▸ WHAT IS NEEDED
Give back each entry exactly as written, apart from the pictures.
[DATASET EXCERPTS Boundary: Start]
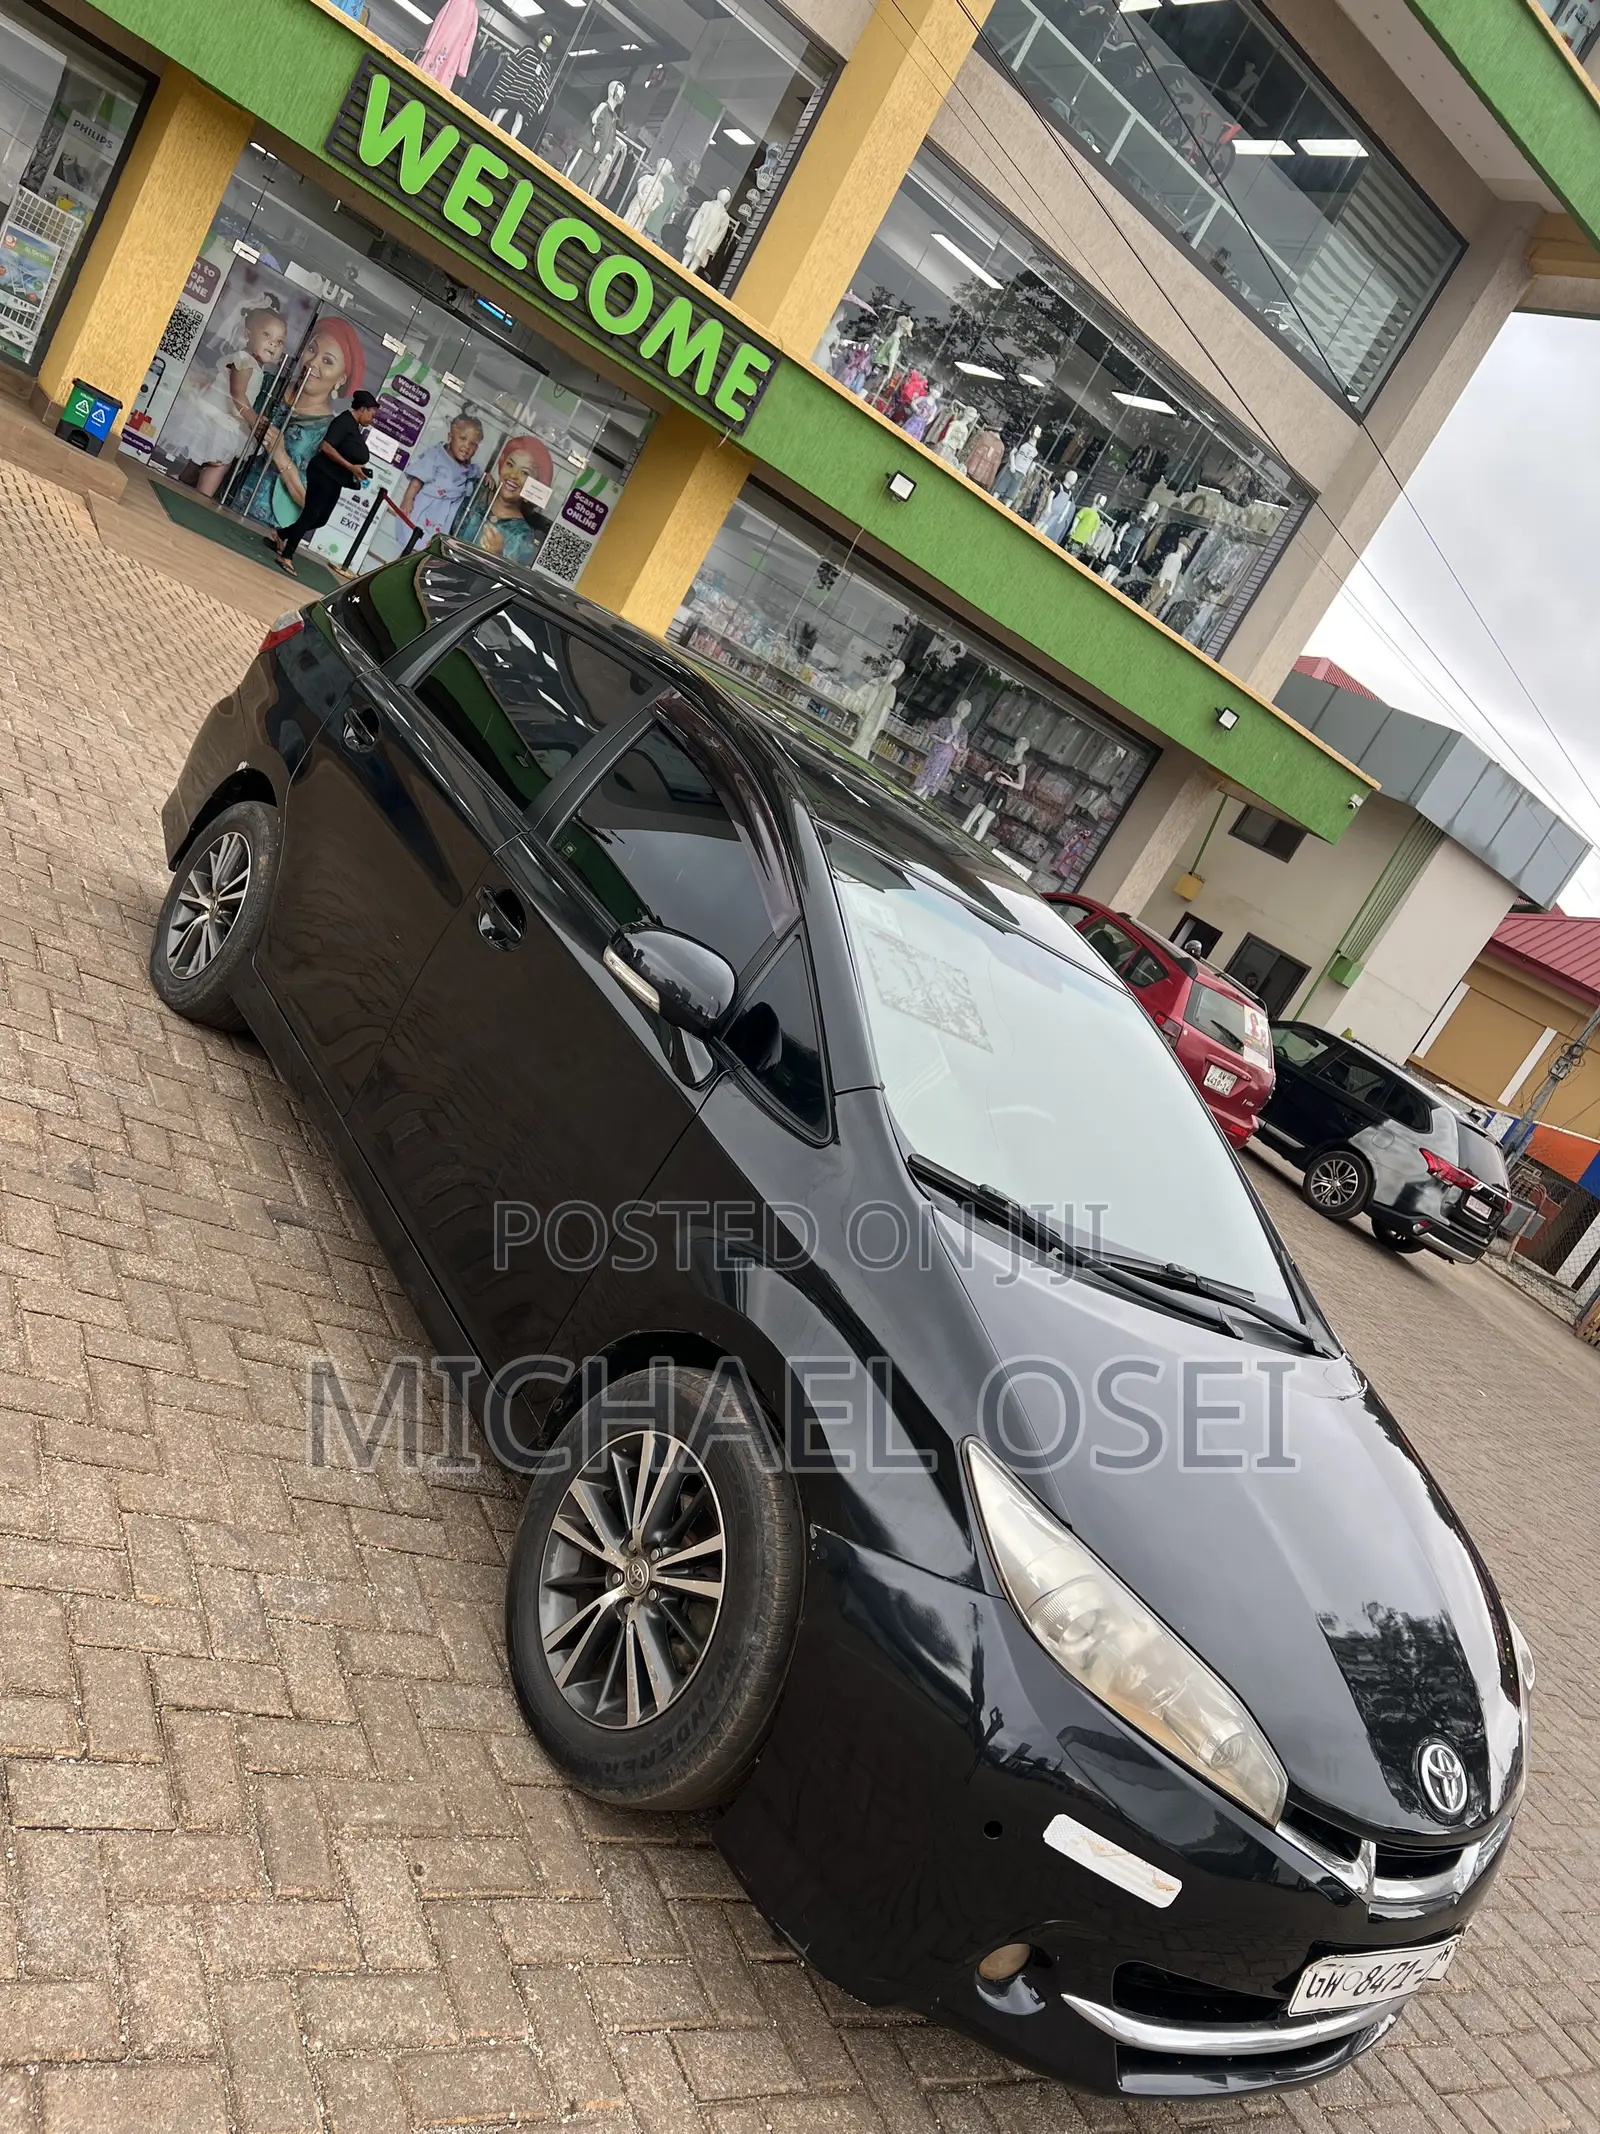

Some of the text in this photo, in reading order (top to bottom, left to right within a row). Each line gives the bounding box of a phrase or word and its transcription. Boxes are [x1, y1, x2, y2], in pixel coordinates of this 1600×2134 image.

[72, 119, 114, 149] PHILIPS
[358, 73, 771, 422] WELCOME
[189, 271, 206, 285] op
[203, 264, 216, 278] to
[185, 279, 209, 298] INE
[397, 376, 428, 400] Working
[399, 386, 421, 403] Hours
[379, 396, 399, 411] Monday
[401, 409, 424, 425] Saturday
[511, 402, 537, 427] IN
[385, 418, 404, 432] Sunday
[573, 491, 605, 514] Scan to
[574, 502, 597, 520] Shop
[340, 516, 360, 531] EXIT
[566, 508, 598, 531] ONLINE
[1305, 1970, 1346, 1999] GW
[DATASET EXCERPTS Boundary: End]
▸ SOLUTION TO THIS TASK
Some of the text in this photo, in reading order (top to bottom, left to right within a row). Each line gives the bounding box of a phrase or word and its transcription. Boxes are [x1, y1, x2, y2], in pixel coordinates of this 1600×2134 image.

[72, 119, 114, 149] PHILIPS
[358, 73, 771, 422] WELCOME
[189, 271, 206, 285] op
[203, 264, 216, 278] to
[185, 279, 209, 298] INE
[397, 376, 428, 400] Working
[399, 386, 421, 403] Hours
[379, 396, 399, 411] Monday
[401, 409, 424, 425] Saturday
[511, 402, 537, 427] IN
[385, 418, 404, 432] Sunday
[573, 491, 605, 514] Scan to
[574, 502, 597, 520] Shop
[340, 516, 360, 531] EXIT
[566, 508, 598, 531] ONLINE
[1305, 1970, 1346, 1999] GW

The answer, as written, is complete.